Dataset entries
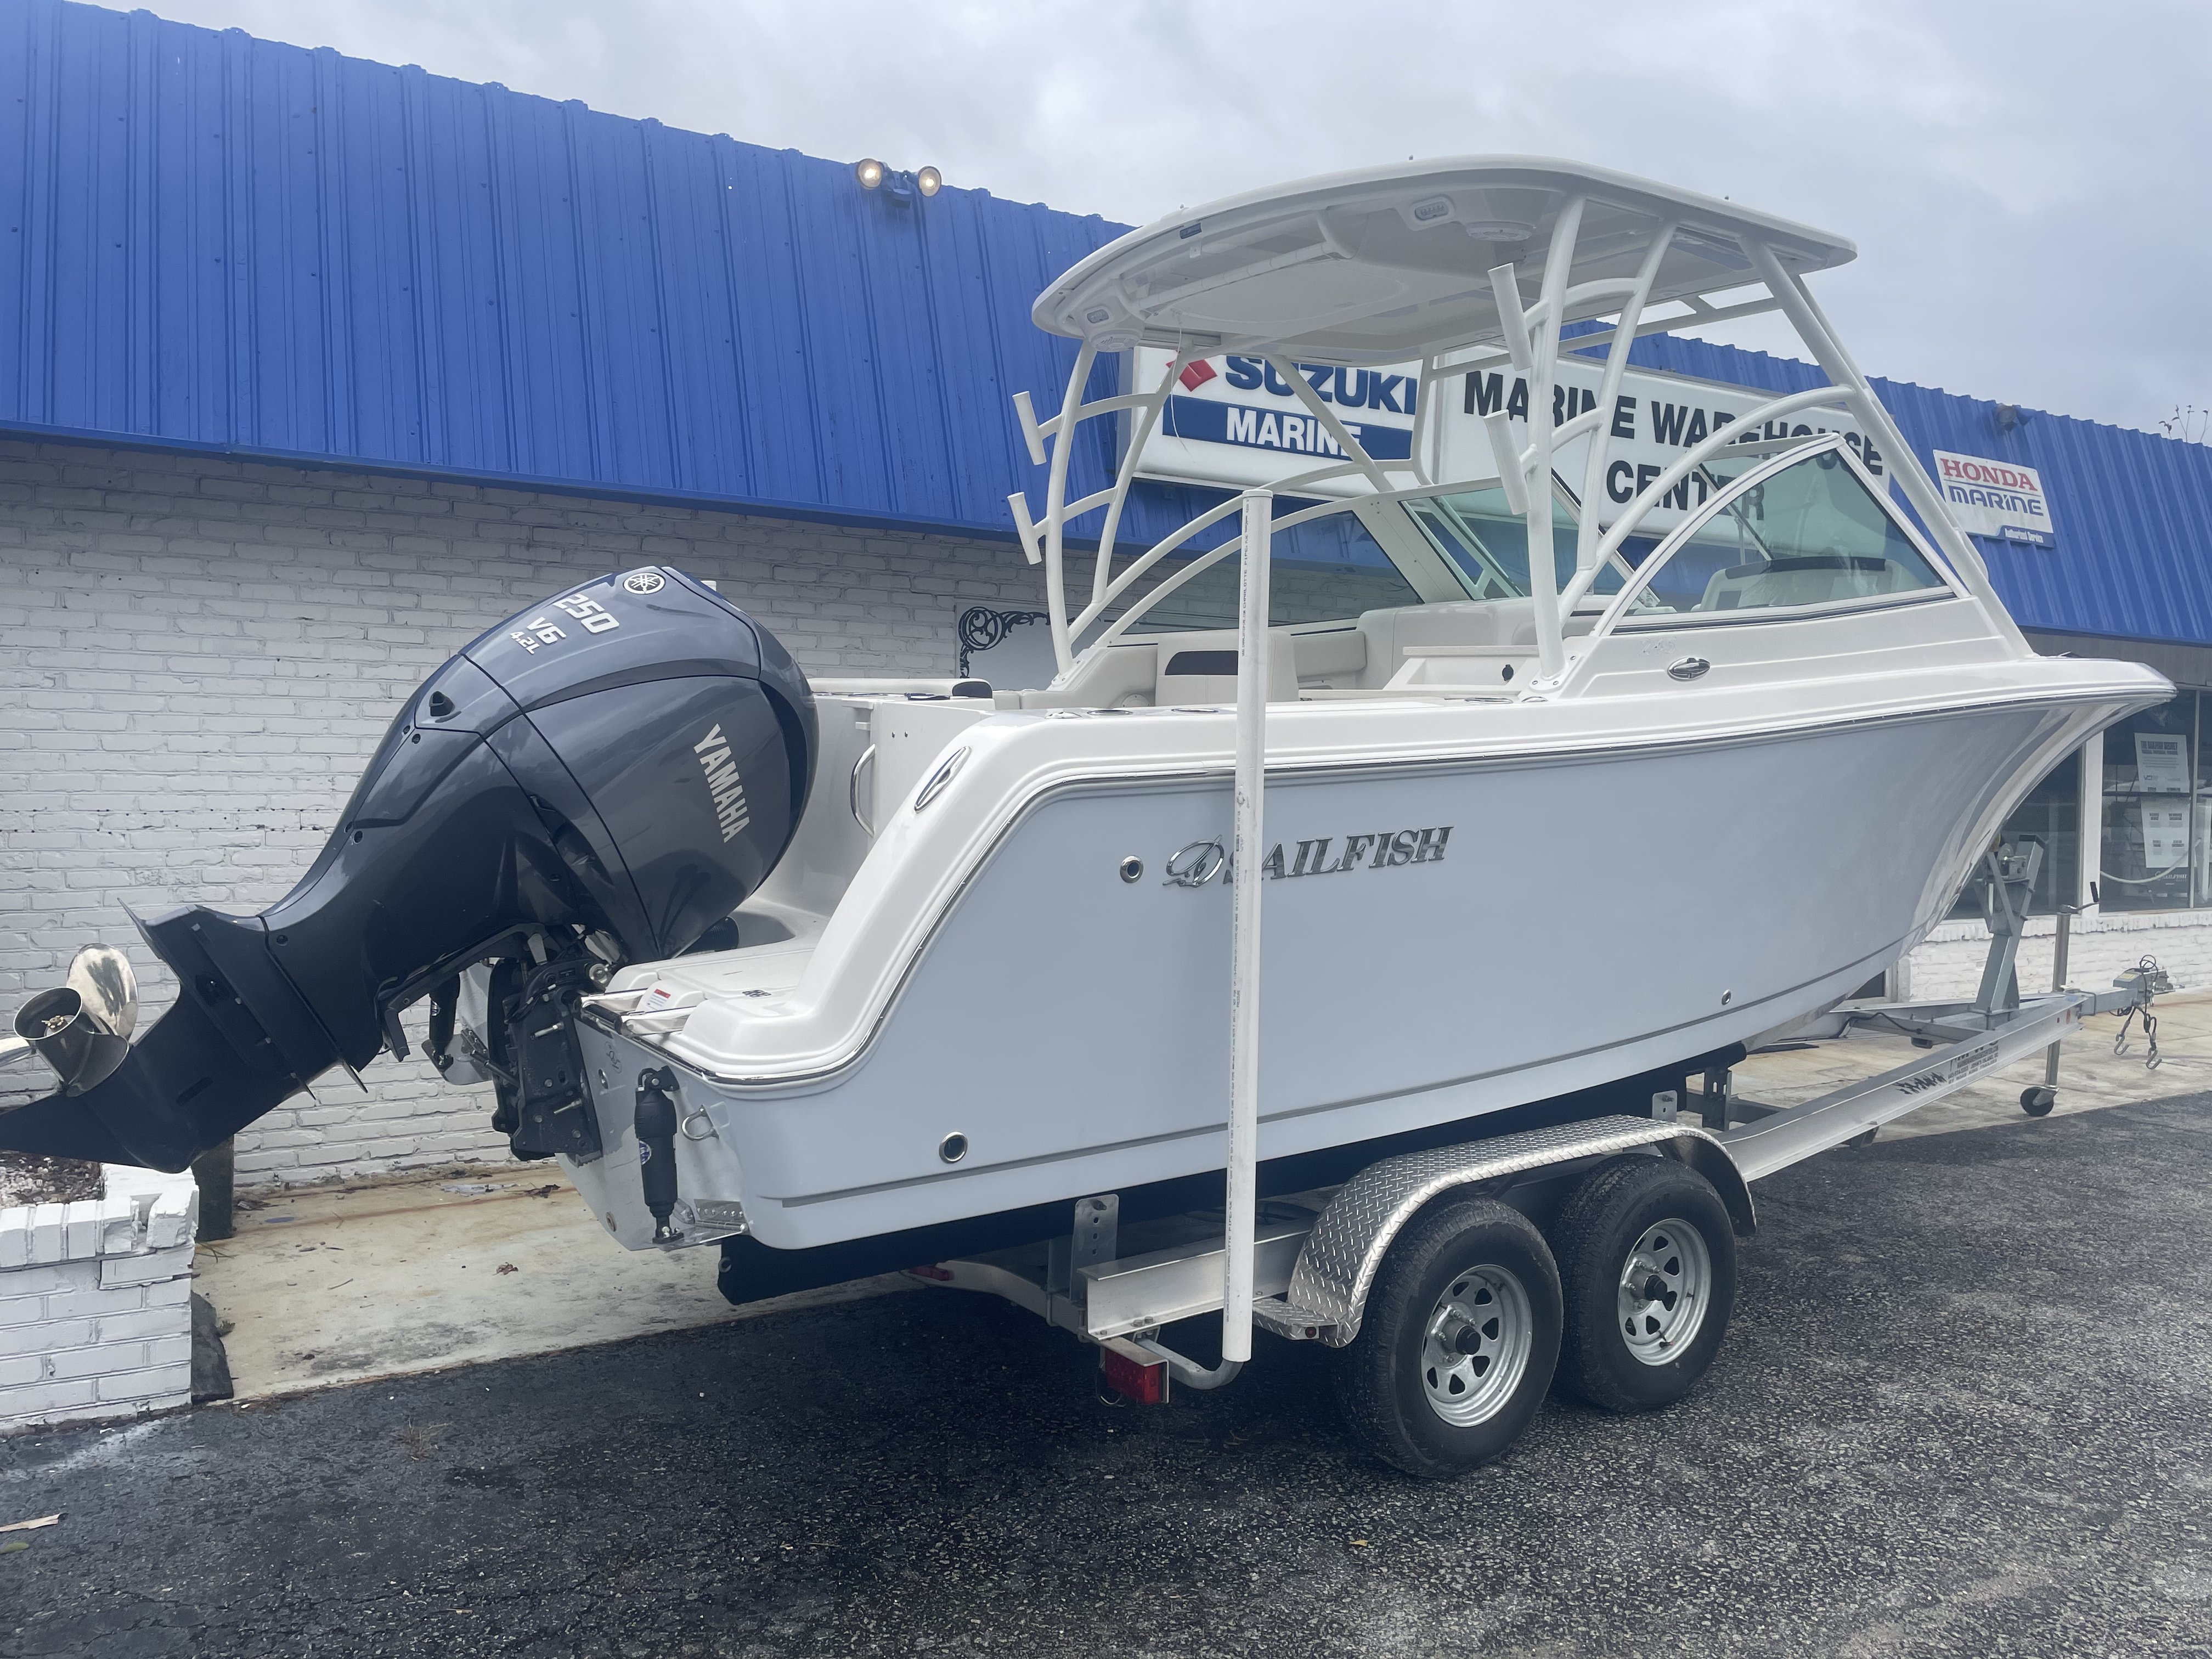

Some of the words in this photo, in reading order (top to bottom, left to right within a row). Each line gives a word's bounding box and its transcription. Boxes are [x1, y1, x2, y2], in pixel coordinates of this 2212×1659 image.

[1226, 356, 1418, 415] SUZUKI
[1940, 458, 2038, 491] HONDA
[1948, 486, 2044, 516] MARINE
[527, 617, 567, 644] V6
[552, 594, 619, 633] 250
[510, 631, 540, 654] 4.2L
[693, 723, 751, 843] YAMAHA
[1223, 825, 1454, 884] AILFISH
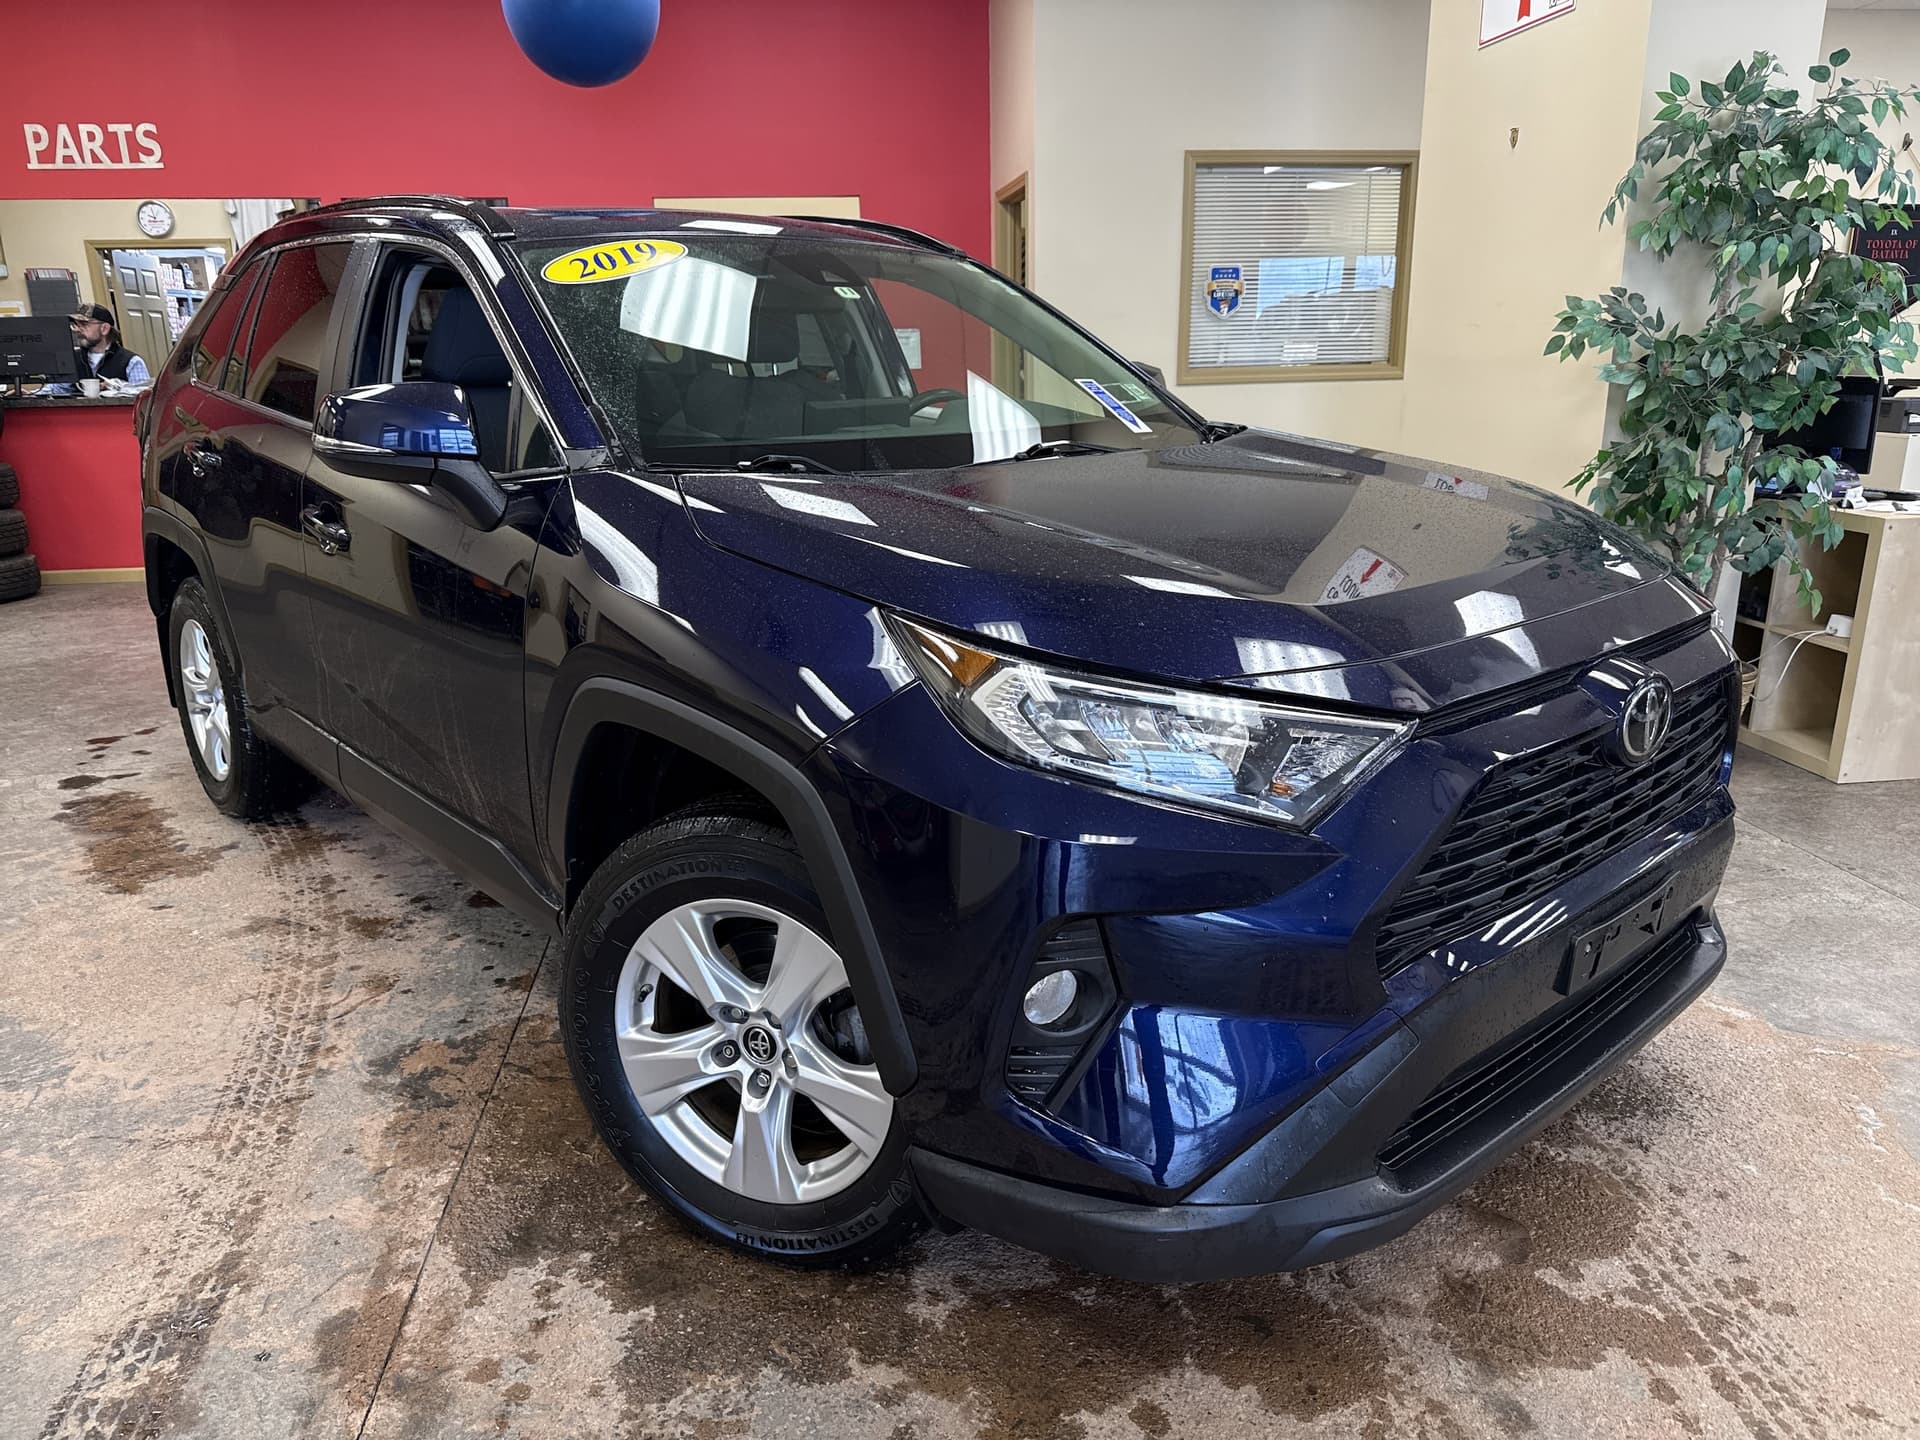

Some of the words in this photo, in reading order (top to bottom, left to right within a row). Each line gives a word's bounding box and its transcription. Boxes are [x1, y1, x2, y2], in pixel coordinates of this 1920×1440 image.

[23, 123, 164, 169] PARTS
[569, 242, 657, 279] 2019
[611, 860, 723, 910] DESTINATION
[757, 1213, 880, 1251] DESTINATION
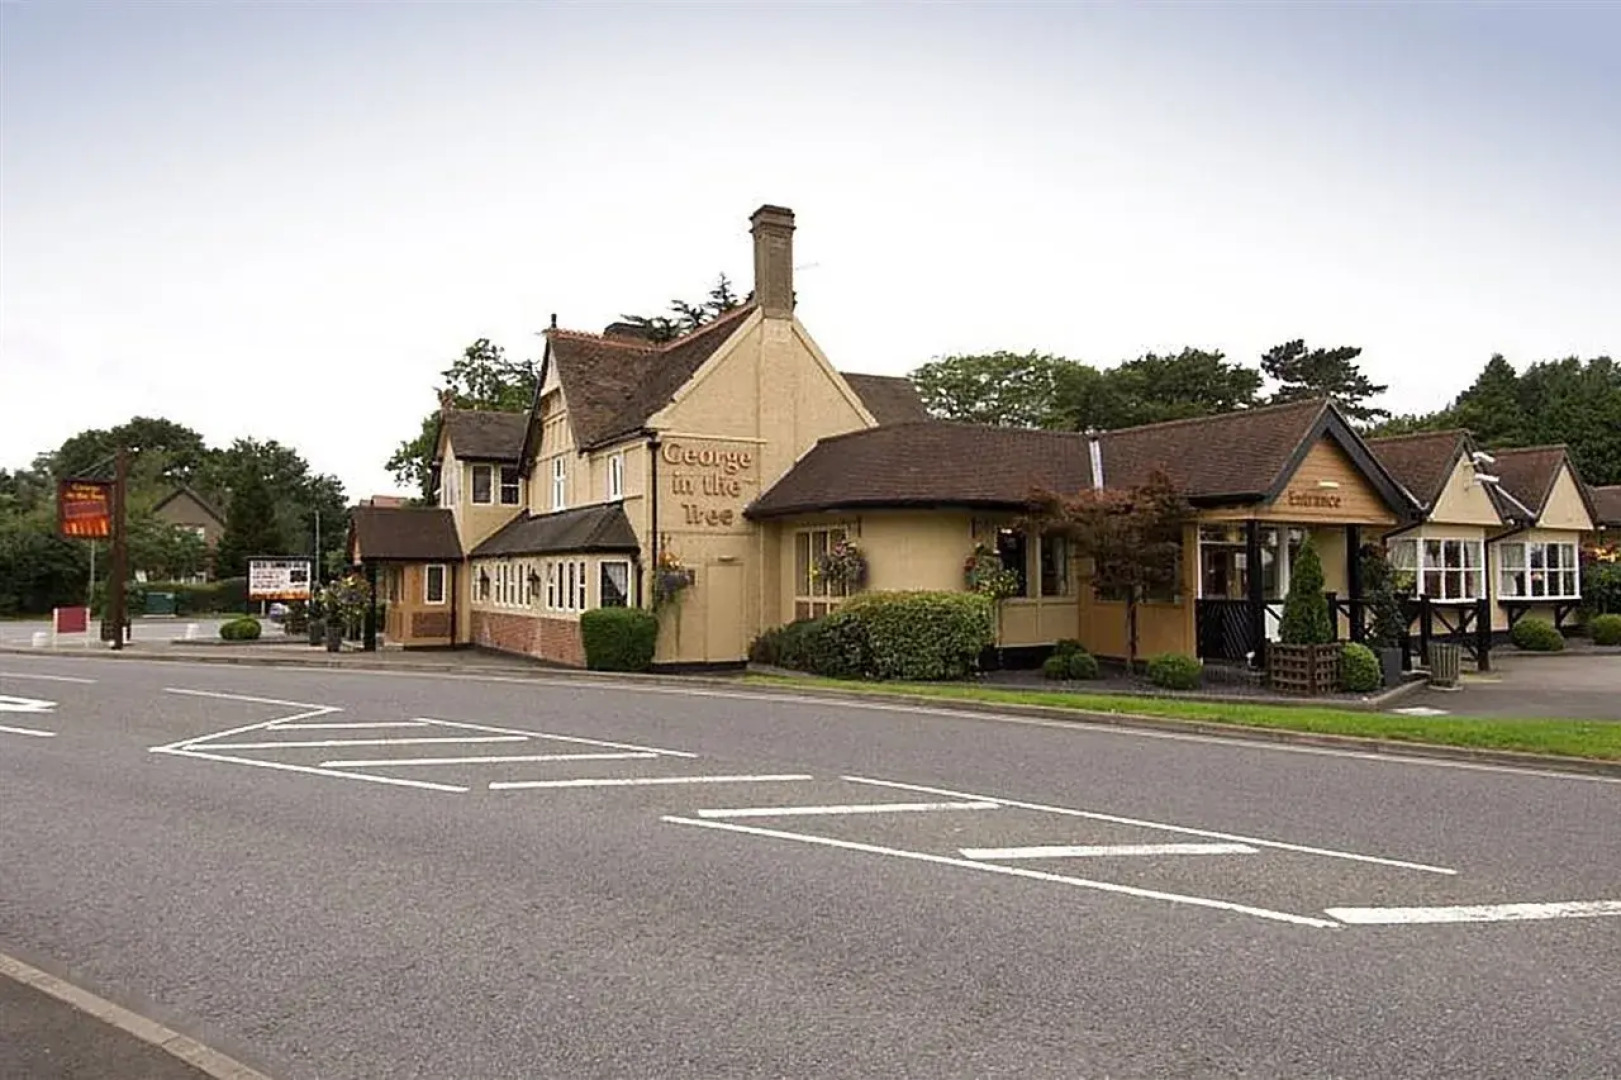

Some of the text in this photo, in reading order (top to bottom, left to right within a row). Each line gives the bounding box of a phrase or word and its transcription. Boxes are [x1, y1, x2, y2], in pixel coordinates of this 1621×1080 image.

**Try it**: What you return should be the entries from above, unchanged and without their images.

**Response area**:
Some of the words in this photo, in reading order (top to bottom, left to right within a row). Each line gives a word's bounding box and its transcription. Boxes are [x1, y1, x2, y2], in pixel coordinates of this 2212×1659 image.

[1226, 356, 1418, 415] SUZUKI
[1940, 458, 2038, 491] HONDA
[1948, 486, 2044, 516] MARINE
[527, 617, 567, 644] V6
[552, 594, 619, 633] 250
[510, 631, 540, 654] 4.2L
[693, 723, 751, 843] YAMAHA
[1223, 825, 1454, 884] AILFISH

Some of the words in this photo, in reading order (top to bottom, left to right within a row). Each line gives a word's bounding box and its transcription. Boxes are [x1, y1, x2, y2], in pixel coordinates of this 1920×1440 image.

[23, 123, 164, 169] PARTS
[569, 242, 657, 279] 2019
[611, 860, 723, 910] DESTINATION
[757, 1213, 880, 1251] DESTINATION

Some of the text in this photo, in reading order (top to bottom, left to right within a row). Each line gives the bounding box of a phrase or word and its transcription. Boxes are [x1, y1, x2, y2], in pixel coordinates of this 1621×1080 image.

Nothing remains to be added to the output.